In the rapidly evolving landscape of AI services, we have all witnessed the growing pains of scaling and reliability. Remember last year's frustrations when popular AI services like ChatGPT faced frequent downtimes? These instances highlighted a critical question: How can we build more resilient AI infrastructures? Today, we are excited to introduce uplion—an experimental project exploring innovative solutions to this challenge.

Imagine being a developer with a fine-tuned model you need to deploy, or aiming to leverage multiple AI service accounts to increase concurrency. How would you approach building a system to handle these scenarios reliably and at scale? This is where uplion comes in.

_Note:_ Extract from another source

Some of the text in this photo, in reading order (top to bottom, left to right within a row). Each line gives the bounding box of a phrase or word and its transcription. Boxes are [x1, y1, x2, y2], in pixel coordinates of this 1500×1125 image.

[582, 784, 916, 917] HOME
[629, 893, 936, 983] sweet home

So, what exactly is UPLION?

UPLION stands for Unified Platform for Leveraging Intelligent Operations in AI Networks. Let's break it down:

U - Unified Platform for AI: The foundation of uplion, serving as a comprehensive backbone for all your AI operations. It simplifies the complex AI landscape into a user-friendly, integrated environment.

P - Powered by cloud-native design: Built from the ground up to thrive in the cloud, ensuring scalability, resilience, and seamless updates—core attributes that modern AI systems demand.

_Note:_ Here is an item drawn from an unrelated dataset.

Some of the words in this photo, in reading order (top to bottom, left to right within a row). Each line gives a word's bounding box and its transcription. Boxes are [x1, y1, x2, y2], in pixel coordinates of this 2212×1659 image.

L - Leveraging intelligent task distribution: Uplion employs smart algorithms to allocate tasks across the system, optimizing resource utilization and enhancing overall performance and reliability.

I - Innovative resource optimization: The platform dynamically allocates resources based on demand, ensuring efficient use of computational power and guaranteeing resource availability when needed.

O - Orchestrated with Kubernetes: Going beyond basic features like deployments and replica sets, uplion introduces a Custom Resource Definition (CRD) and a corresponding operator to implement bespoke logic tailored to its specific needs.

N - Next-generation AI infrastructure: Uplion represents a forward-thinking approach to AI system design, addressing current challenges while preparing for future advancements in the field.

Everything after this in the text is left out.